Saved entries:
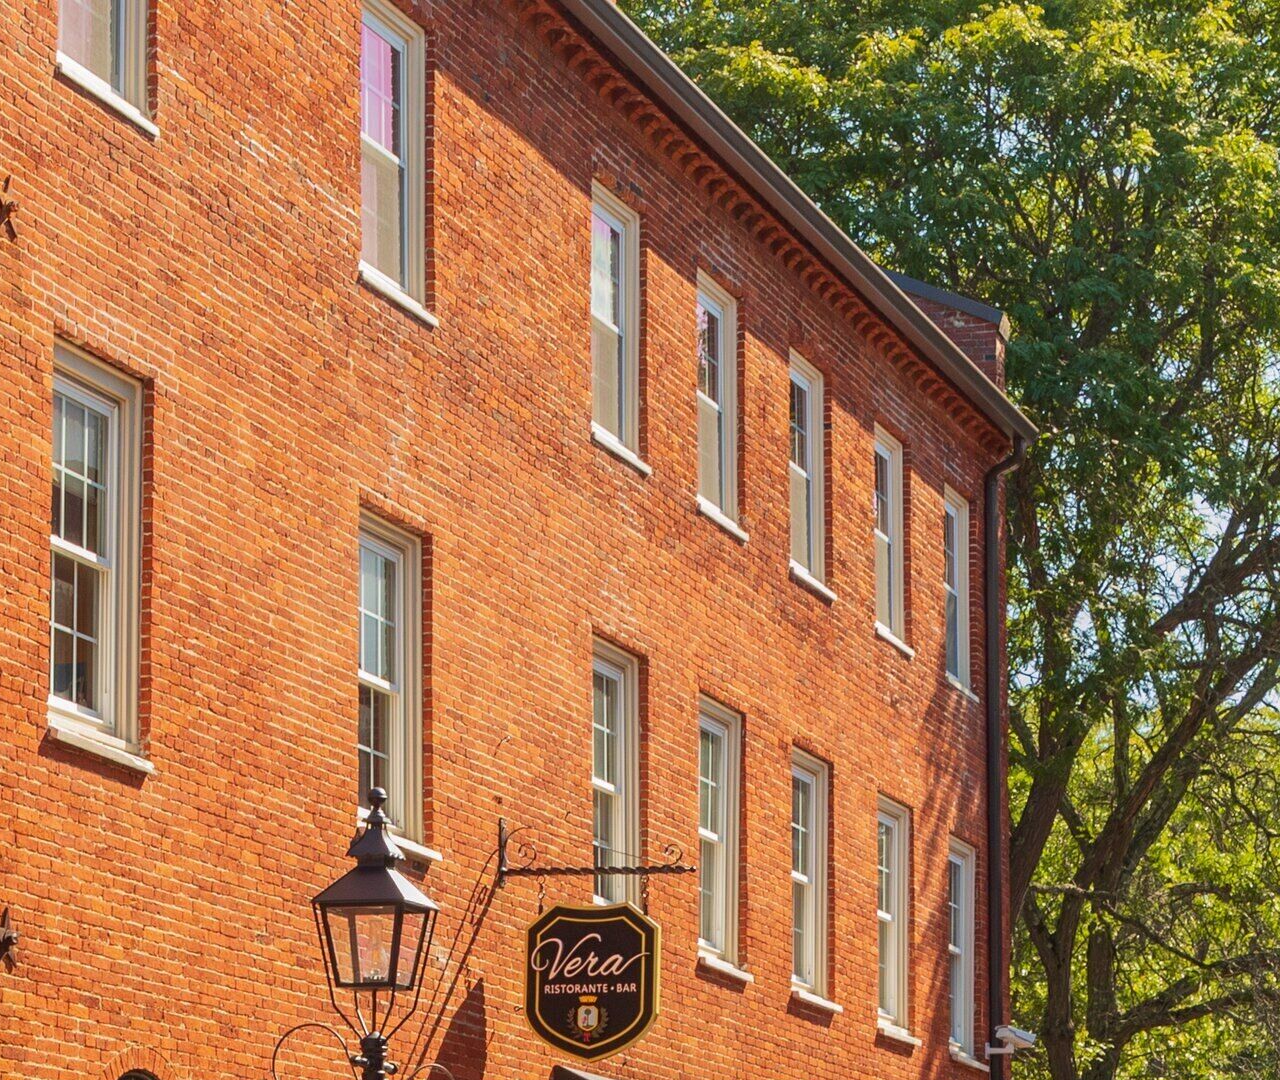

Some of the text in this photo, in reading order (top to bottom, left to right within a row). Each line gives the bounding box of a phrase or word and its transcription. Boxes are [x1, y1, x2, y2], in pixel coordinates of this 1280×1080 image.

[531, 933, 650, 980] Vera
[544, 983, 637, 994] RISTORANTE BAR
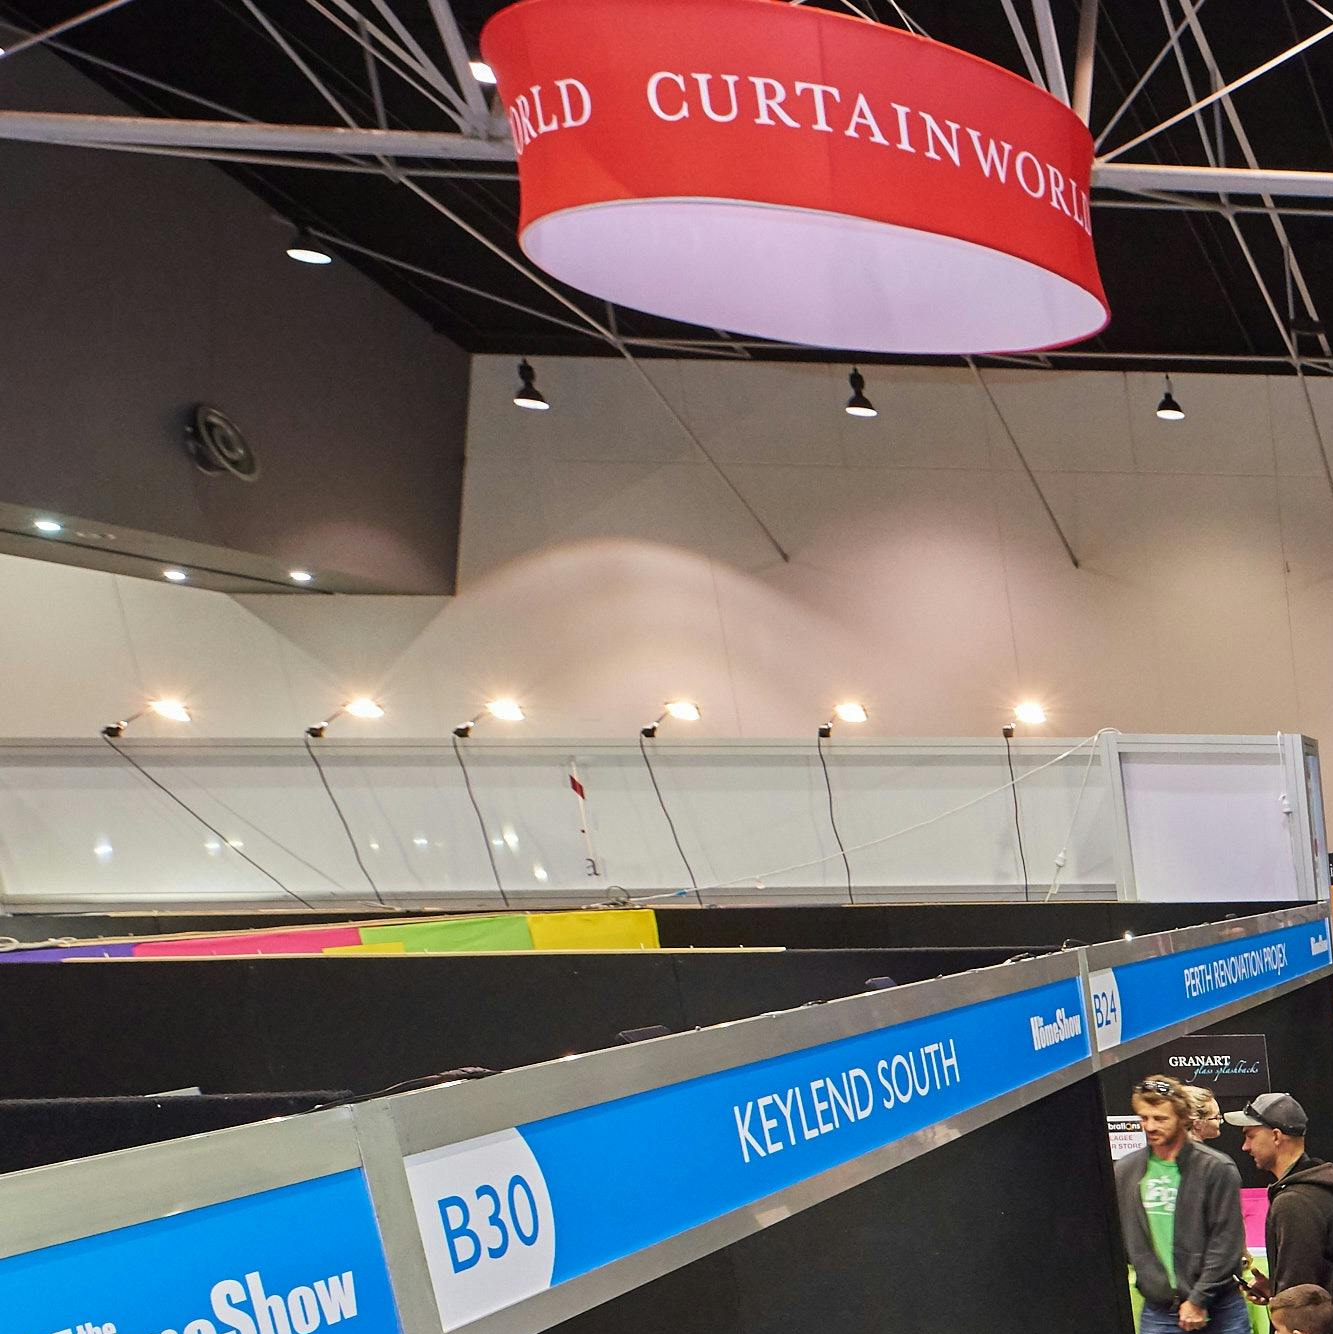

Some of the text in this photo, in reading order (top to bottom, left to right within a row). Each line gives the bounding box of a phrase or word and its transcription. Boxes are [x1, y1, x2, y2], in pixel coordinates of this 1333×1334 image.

[1093, 990, 1117, 1029] B24
[1183, 966, 1212, 998] PERTH
[1213, 950, 1262, 990] RENOVATION
[1263, 942, 1288, 977] PROJEX
[1030, 1008, 1082, 1051] HomeShow
[1168, 1055, 1231, 1067] GRANART
[1185, 1059, 1260, 1083] glass splashbacks
[437, 1039, 961, 1274] B30 KEYLEND SOUTH

EXERCISE BRIEF: Where the line containing "this 1333×1334 image." appears in the records above, begin copying and continue through the last line; copy each line exactly and include no others.

OUTPUT:
Some of the text in this photo, in reading order (top to bottom, left to right within a row). Each line gives the bounding box of a phrase or word and its transcription. Boxes are [x1, y1, x2, y2], in pixel coordinates of this 1333×1334 image.

[1093, 990, 1117, 1029] B24
[1183, 966, 1212, 998] PERTH
[1213, 950, 1262, 990] RENOVATION
[1263, 942, 1288, 977] PROJEX
[1030, 1008, 1082, 1051] HomeShow
[1168, 1055, 1231, 1067] GRANART
[1185, 1059, 1260, 1083] glass splashbacks
[437, 1039, 961, 1274] B30 KEYLEND SOUTH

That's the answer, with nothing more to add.